Runs a single query through the RAG pipeline and retrieves the model’s answer.

def process_query(rag_chain, query: str, data_file_path: str):
    if rag_chain is None:
         return f"Sorry, the knowledge base from '{data_file_path}' could not be loaded. RAG chain is None."

    try:
        print(f"Invoking RAG chain for query: '{query}'")
        result = rag_chain.invoke({"query": query})
        response = result.get("result", "No answer could be generated based on the documents.")

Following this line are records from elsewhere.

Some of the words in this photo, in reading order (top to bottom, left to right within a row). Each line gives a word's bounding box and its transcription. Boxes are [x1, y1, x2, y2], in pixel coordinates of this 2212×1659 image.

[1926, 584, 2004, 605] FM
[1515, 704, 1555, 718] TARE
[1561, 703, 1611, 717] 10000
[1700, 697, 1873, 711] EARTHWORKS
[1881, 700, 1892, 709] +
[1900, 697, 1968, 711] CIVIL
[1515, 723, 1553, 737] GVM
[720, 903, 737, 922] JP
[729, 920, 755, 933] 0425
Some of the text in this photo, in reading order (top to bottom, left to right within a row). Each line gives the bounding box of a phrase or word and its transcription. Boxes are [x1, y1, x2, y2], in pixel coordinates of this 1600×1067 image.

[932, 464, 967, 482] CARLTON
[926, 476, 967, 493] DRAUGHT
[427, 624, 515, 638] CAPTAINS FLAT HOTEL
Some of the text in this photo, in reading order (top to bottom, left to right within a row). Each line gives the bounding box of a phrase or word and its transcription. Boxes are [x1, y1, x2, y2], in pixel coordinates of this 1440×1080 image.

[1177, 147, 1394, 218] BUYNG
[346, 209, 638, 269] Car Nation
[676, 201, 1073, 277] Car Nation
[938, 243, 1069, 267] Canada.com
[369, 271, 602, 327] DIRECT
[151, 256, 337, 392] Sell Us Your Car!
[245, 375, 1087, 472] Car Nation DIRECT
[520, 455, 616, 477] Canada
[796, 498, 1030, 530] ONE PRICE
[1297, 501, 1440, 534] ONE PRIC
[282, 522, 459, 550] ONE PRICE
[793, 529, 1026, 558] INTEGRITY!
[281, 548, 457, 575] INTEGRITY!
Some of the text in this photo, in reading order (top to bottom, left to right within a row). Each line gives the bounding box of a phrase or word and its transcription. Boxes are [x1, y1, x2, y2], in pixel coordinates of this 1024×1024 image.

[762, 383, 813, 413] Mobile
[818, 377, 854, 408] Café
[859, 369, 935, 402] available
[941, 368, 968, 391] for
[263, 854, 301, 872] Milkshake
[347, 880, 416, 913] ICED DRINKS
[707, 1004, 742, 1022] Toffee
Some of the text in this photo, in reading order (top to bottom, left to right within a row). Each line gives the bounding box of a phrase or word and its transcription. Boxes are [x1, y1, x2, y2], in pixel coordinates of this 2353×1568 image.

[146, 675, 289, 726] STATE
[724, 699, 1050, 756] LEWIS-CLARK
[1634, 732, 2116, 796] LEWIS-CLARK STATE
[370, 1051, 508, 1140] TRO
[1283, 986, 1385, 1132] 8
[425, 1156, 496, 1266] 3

        if rag_chain.return_source_documents:
            source_docs = result.get("source_documents", [])
            print(f"Retrieved {len(source_docs)} source documents for the answer.")
        return response

    except Exception as e:
        print(f"Error processing RAG query: {str(e)}")
        traceback.print_exc()
        return f"Sorry, I encountered an error during retrieval or generation: {str(e)}"

6. Evaluation Execution

It sets up the RAG pipeline and loads queries from configuration file. For each query, it Invokes the pipeline and sends data to Future AGI for scoring.

def run_evaluation_queries(config: dict):
    print("\n--- Initializing RAG based on Configuration ---")
    rag_chain = setup_rag(config)

    if rag_chain is None:
        print("\n--- RAG Setup Failed. Cannot run evaluation queries. Please check errors above. ---")
        return {}

    print("\n--- Starting RAG Evaluation Queries ---")
    queries = config['evaluation']['queries']
    data_file_path = config['data']['file_path']

    if not queries or any("[Your Column Name]" in q for q in queries):
        print("\n*** WARNING: Please replace placeholder queries in config.yaml under 'evaluation.queries'")
        print("*** with questions relevant to your specific data.csv file for meaningful evaluation! ***\n")

    results = {}
    for i, query in enumerate(queries):
        print(f"\n--- Query {i+1}/{len(queries)} ---")
        print(f"Query: {query}")
        response = process_query(rag_chain, query, data_file_path)
        print(f"Response: {response}")
        results[query] = response
        print("-" * 20)

    print("\n--- RAG Evaluation Queries Finished ---")
    print("Check the FutureAGI platform for traces and evaluation results.")
    print(f"Project: {config['future_agi']['project_name']}, Version: {config['future_agi']['project_version']}")
    return results

7. Main Function

It parses command-line arguments, loads the config, sets up environment variables and instrumentation, and runs the full evaluation process.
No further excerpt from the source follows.